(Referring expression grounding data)
▬▬▬▬▬▬

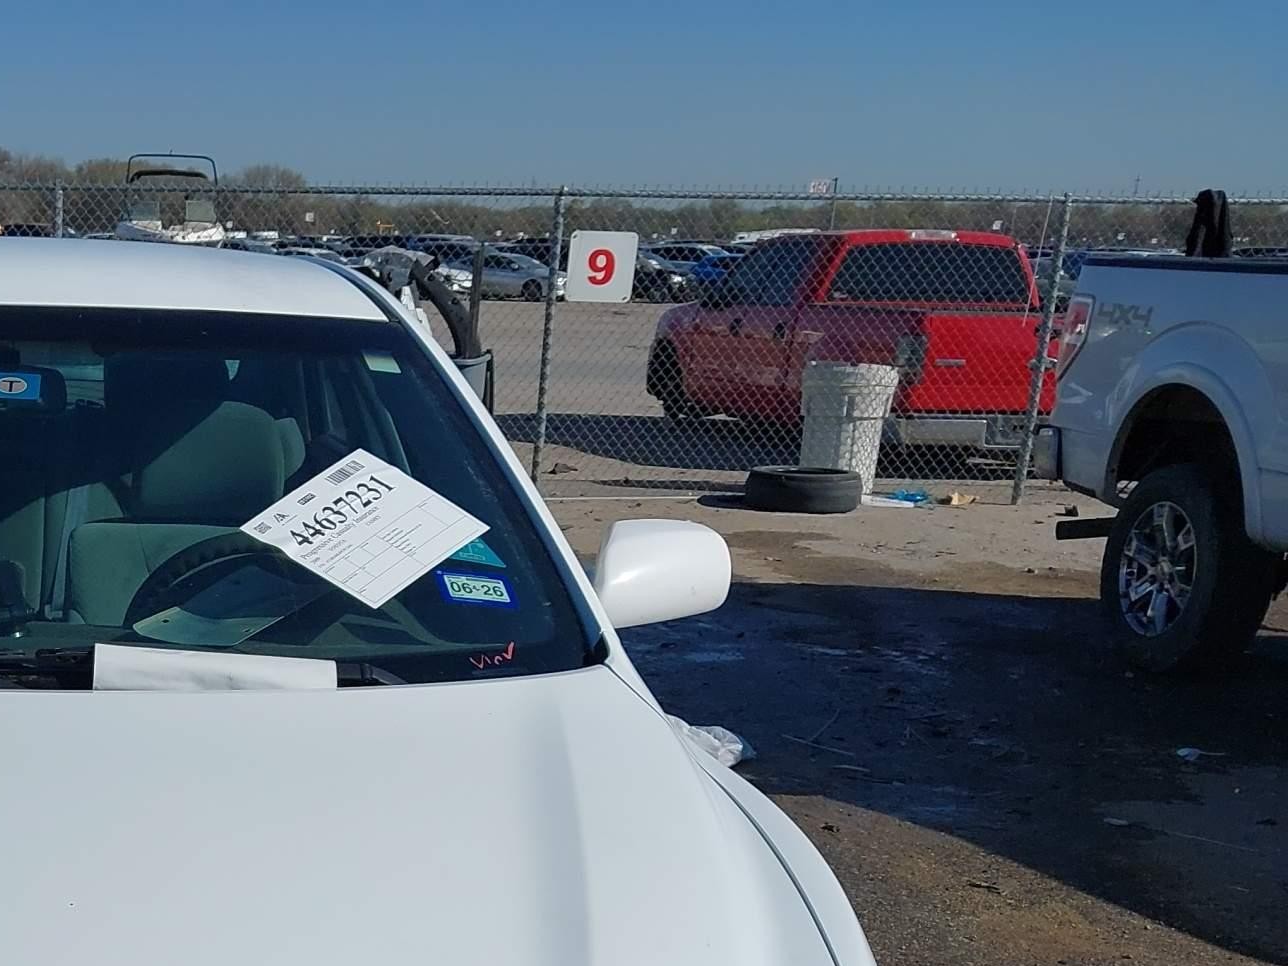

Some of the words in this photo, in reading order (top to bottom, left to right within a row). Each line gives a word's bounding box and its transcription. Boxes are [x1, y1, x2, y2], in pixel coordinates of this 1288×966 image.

[588, 248, 616, 285] 9
[2, 380, 21, 392] T
[290, 475, 396, 546] 44637231
[450, 581, 473, 594] 06
[480, 584, 504, 597] 26

▬▬▬▬▬▬

PROBLEM DESCRIPTION - The records above should be reproduced exactly, with no pictures included.

ANSWER BOX -
Some of the words in this photo, in reading order (top to bottom, left to right within a row). Each line gives a word's bounding box and its transcription. Boxes are [x1, y1, x2, y2], in pixel coordinates of this 1288×966 image.

[588, 248, 616, 285] 9
[2, 380, 21, 392] T
[290, 475, 396, 546] 44637231
[450, 581, 473, 594] 06
[480, 584, 504, 597] 26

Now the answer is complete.